> [Work required]: What is needed is a verbatim copy of every record below, with the pictures left out.

Excerpts from a dataset:

-=-=-=-=-

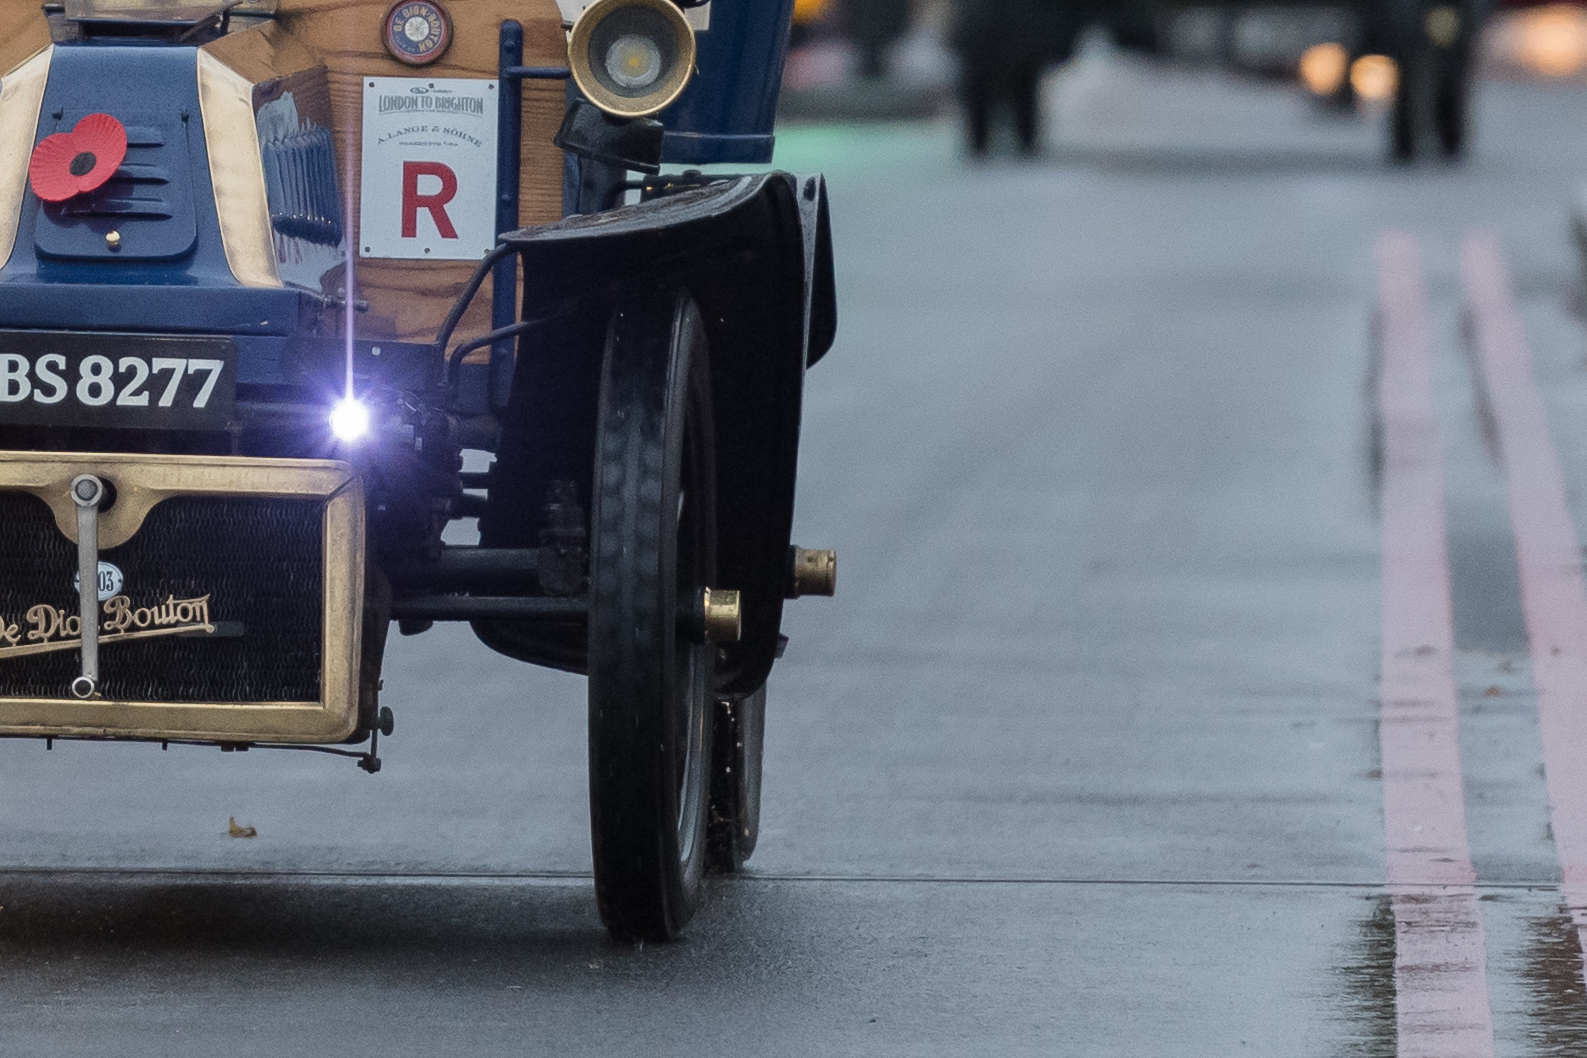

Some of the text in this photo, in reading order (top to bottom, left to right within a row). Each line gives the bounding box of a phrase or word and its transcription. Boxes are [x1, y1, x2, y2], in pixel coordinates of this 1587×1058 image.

[378, 94, 484, 115] LONDON TO BRIGHTON
[401, 160, 459, 240] R
[26, 603, 100, 641] Dio
[103, 593, 211, 632] Bouton
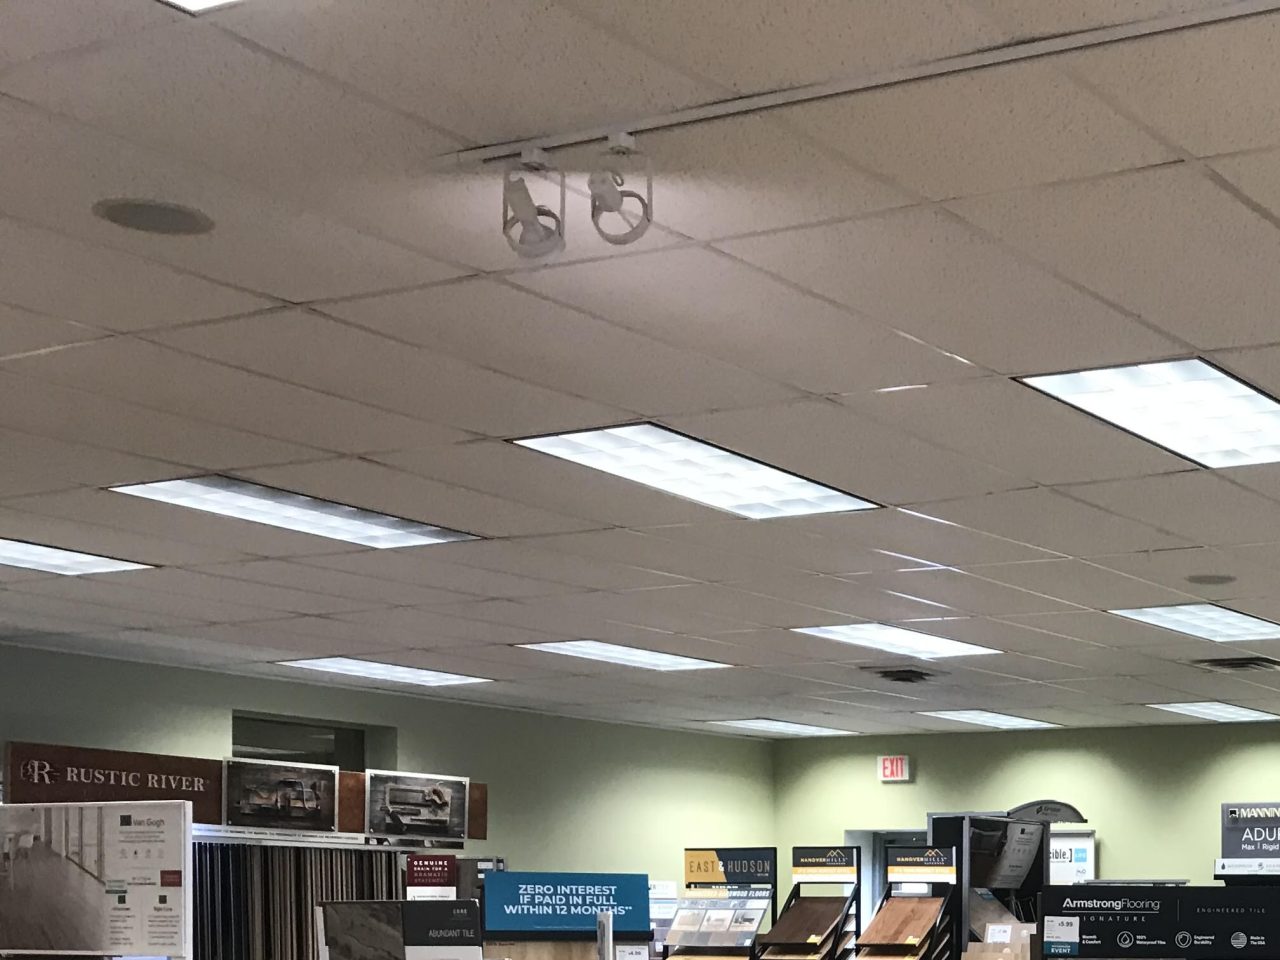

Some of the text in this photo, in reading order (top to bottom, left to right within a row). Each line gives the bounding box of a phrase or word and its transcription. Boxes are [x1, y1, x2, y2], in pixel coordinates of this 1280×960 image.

[882, 757, 905, 778] EXIT
[66, 767, 141, 787] RUSTIC
[147, 773, 205, 792] RIVER
[1262, 843, 1279, 851] Rigid
[690, 860, 770, 873] EAST & HUDSON
[518, 884, 617, 895] ZERO INTEREST
[519, 895, 617, 905] IF PAID IN FULL
[504, 905, 553, 915] WITHIN
[555, 906, 568, 915] 12
[429, 929, 475, 938] ABUNDANT TILE
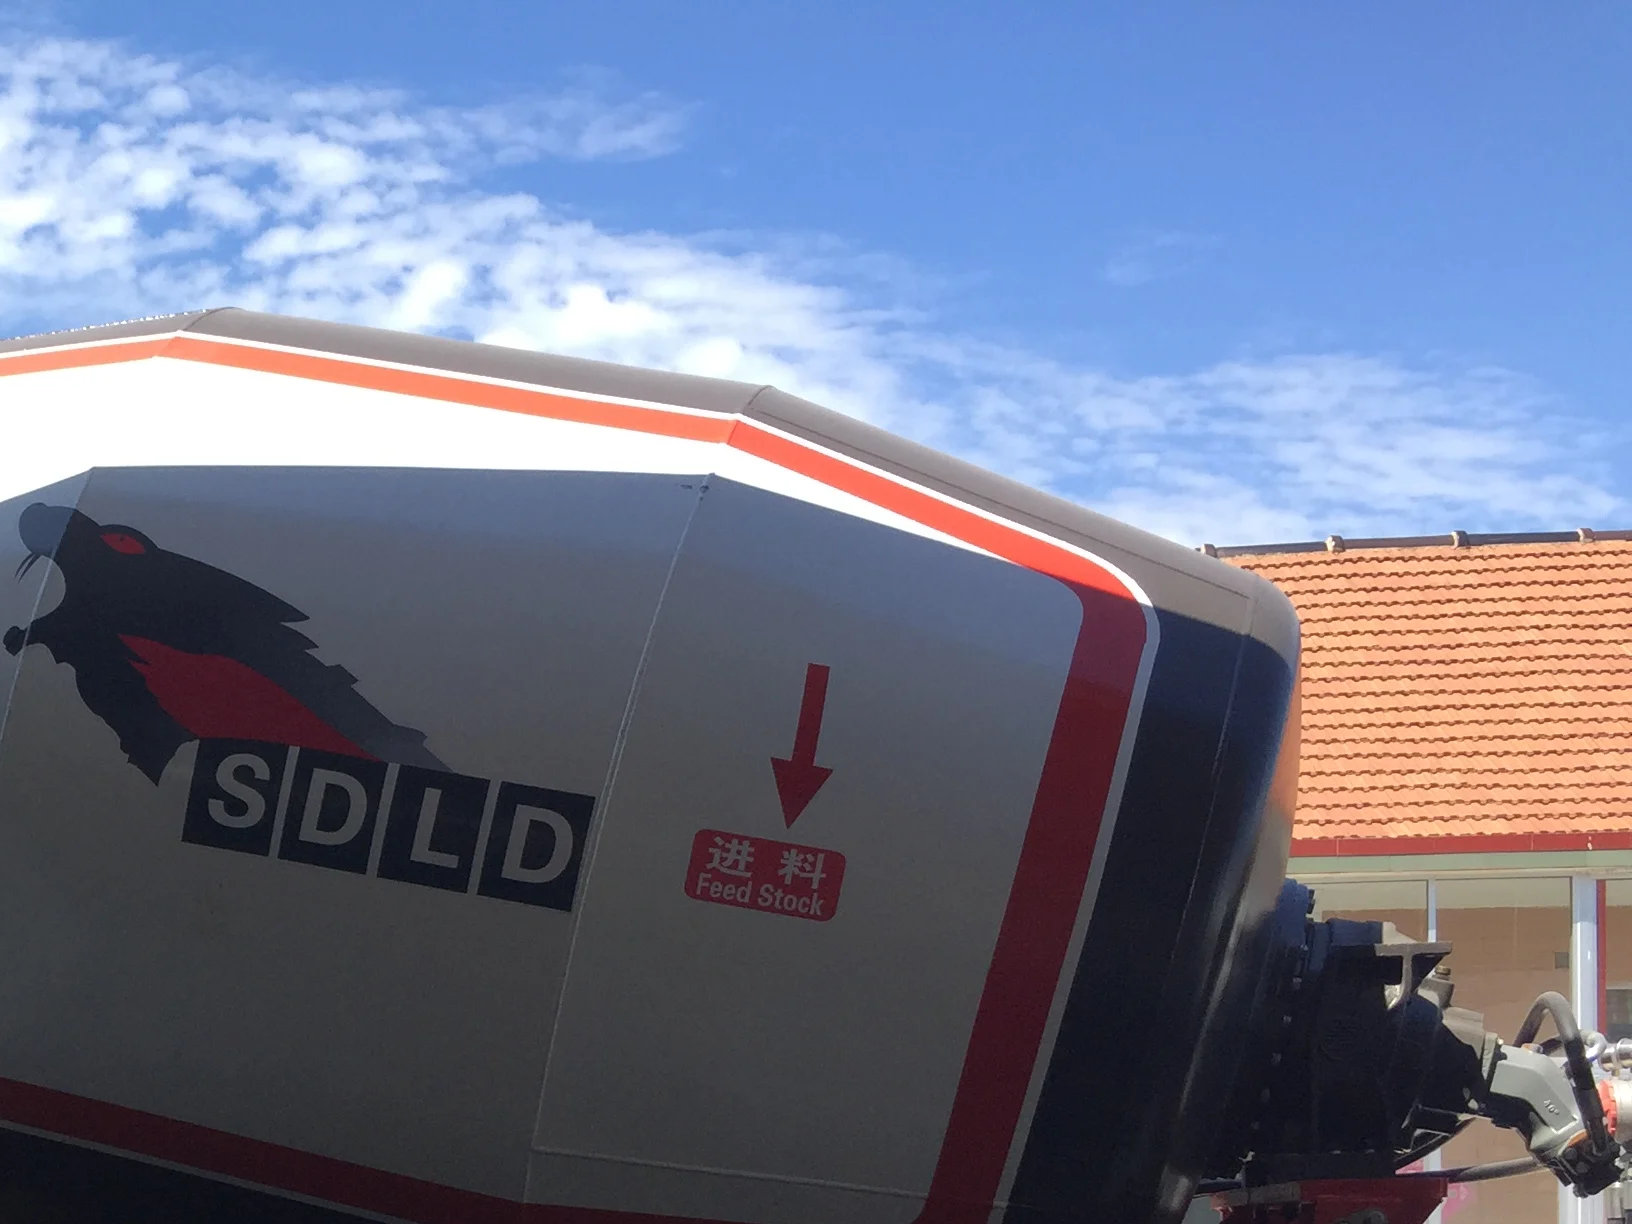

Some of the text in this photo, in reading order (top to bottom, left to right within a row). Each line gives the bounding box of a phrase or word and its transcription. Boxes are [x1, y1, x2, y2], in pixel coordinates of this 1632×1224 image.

[207, 752, 574, 885] SDLD
[706, 835, 827, 890] 进料
[695, 872, 824, 917] Feed Stock
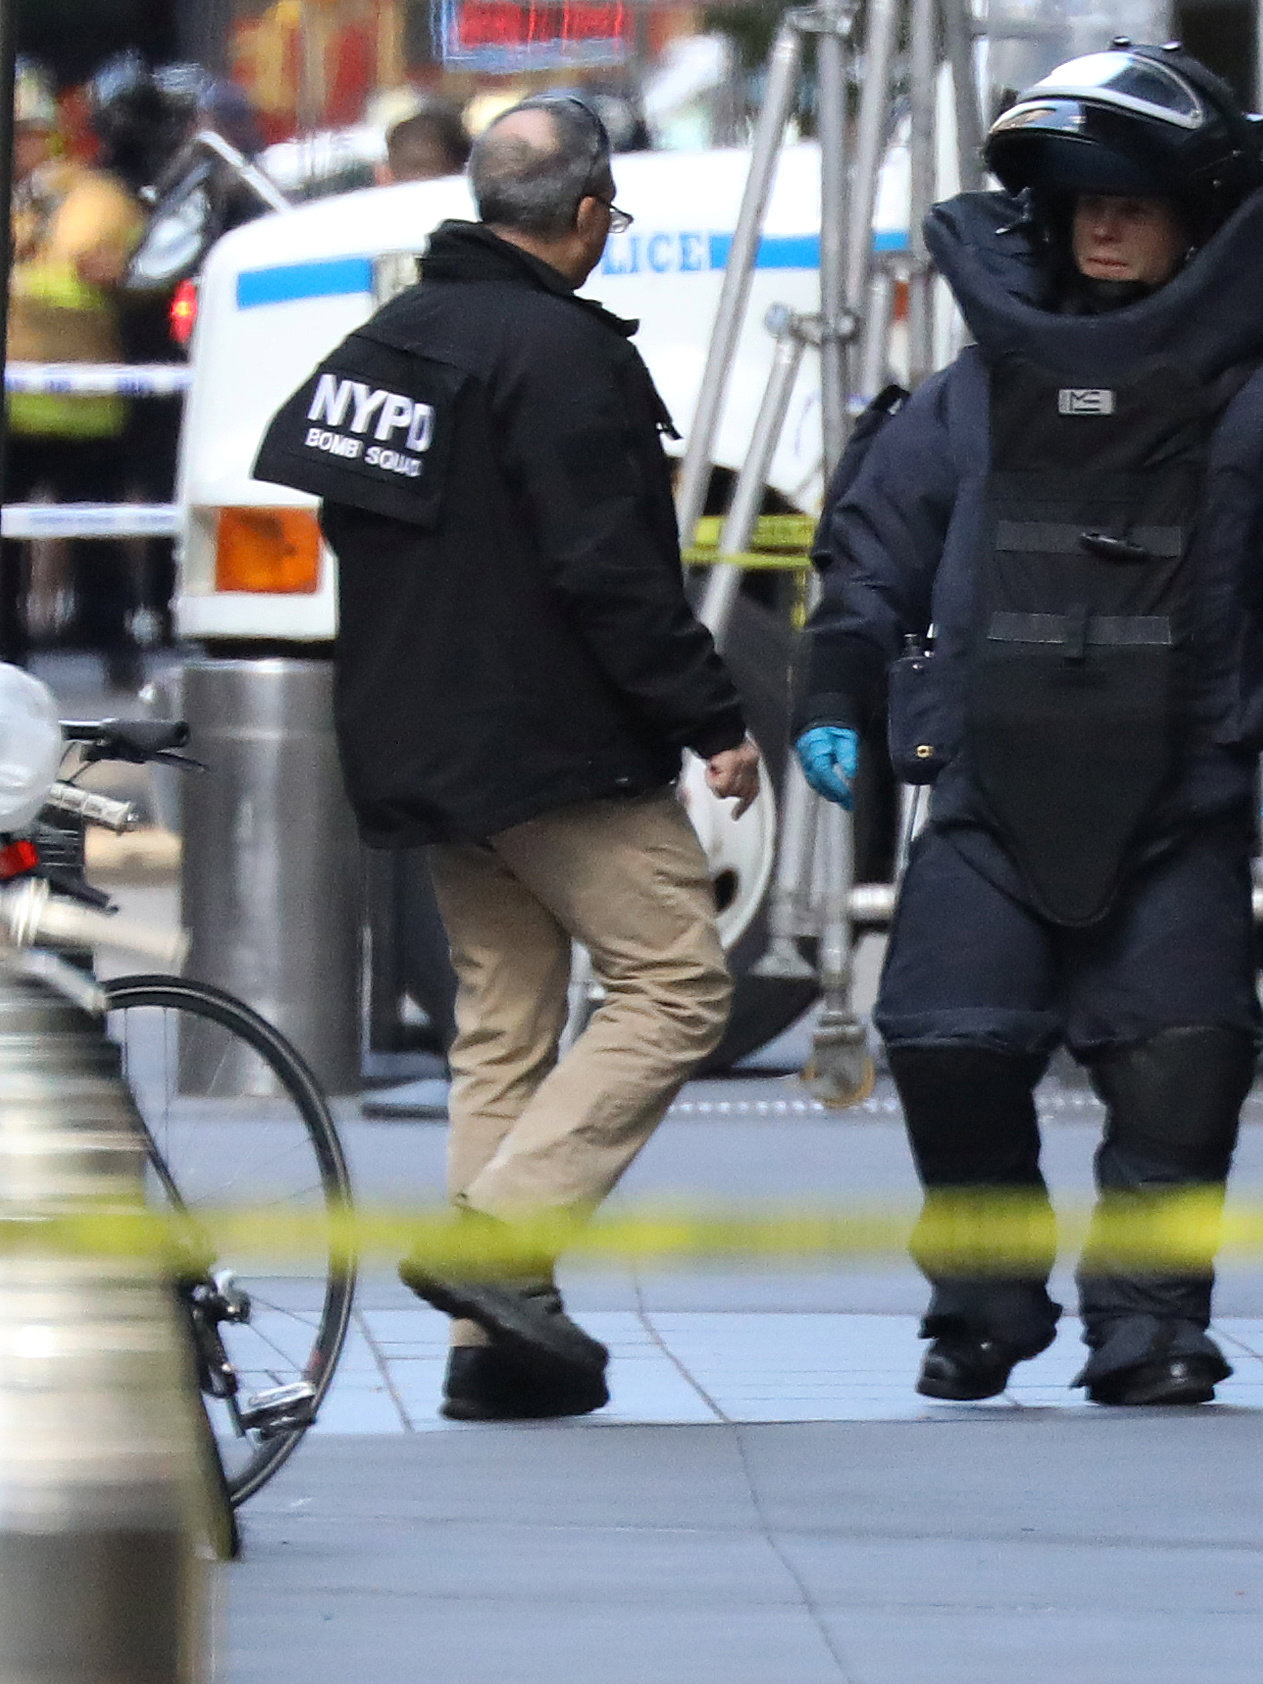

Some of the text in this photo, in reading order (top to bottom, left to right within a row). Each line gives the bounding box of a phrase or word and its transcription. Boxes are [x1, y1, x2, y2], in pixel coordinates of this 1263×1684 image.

-=-=-=-=-

> [Task response]:
Some of the text in this photo, in reading order (top to bottom, left to right within a row). Each line gives the bounding box of a phrase or word and its transcription. Boxes are [x1, y1, x2, y2], in pixel coordinates of this 1587×1058 image.

[378, 94, 484, 115] LONDON TO BRIGHTON
[401, 160, 459, 240] R
[26, 603, 100, 641] Dio
[103, 593, 211, 632] Bouton

Some of the text in this photo, in reading order (top to bottom, left to right within a row). Each line gives the bounding box of a phrase or word and its transcription. Boxes are [x1, y1, x2, y2], in pixel coordinates of this 1280×960 image.

[882, 757, 905, 778] EXIT
[66, 767, 141, 787] RUSTIC
[147, 773, 205, 792] RIVER
[1262, 843, 1279, 851] Rigid
[690, 860, 770, 873] EAST & HUDSON
[518, 884, 617, 895] ZERO INTEREST
[519, 895, 617, 905] IF PAID IN FULL
[504, 905, 553, 915] WITHIN
[555, 906, 568, 915] 12
[429, 929, 475, 938] ABUNDANT TILE

Some of the text in this photo, in reading order (top to bottom, left to right within a row). Each line gives the bounding box of a phrase or word and its transcription. Boxes are [x1, y1, x2, y2], in pixel coordinates of this 1632×1224 image.

[207, 752, 574, 885] SDLD
[706, 835, 827, 890] 进料
[695, 872, 824, 917] Feed Stock

Some of the text in this photo, in reading order (top to bottom, left to right within a row). Each line gives the bounding box of a phrase or word and its transcription. Boxes are [x1, y1, x2, y2], in pixel coordinates of this 1263×1684 image.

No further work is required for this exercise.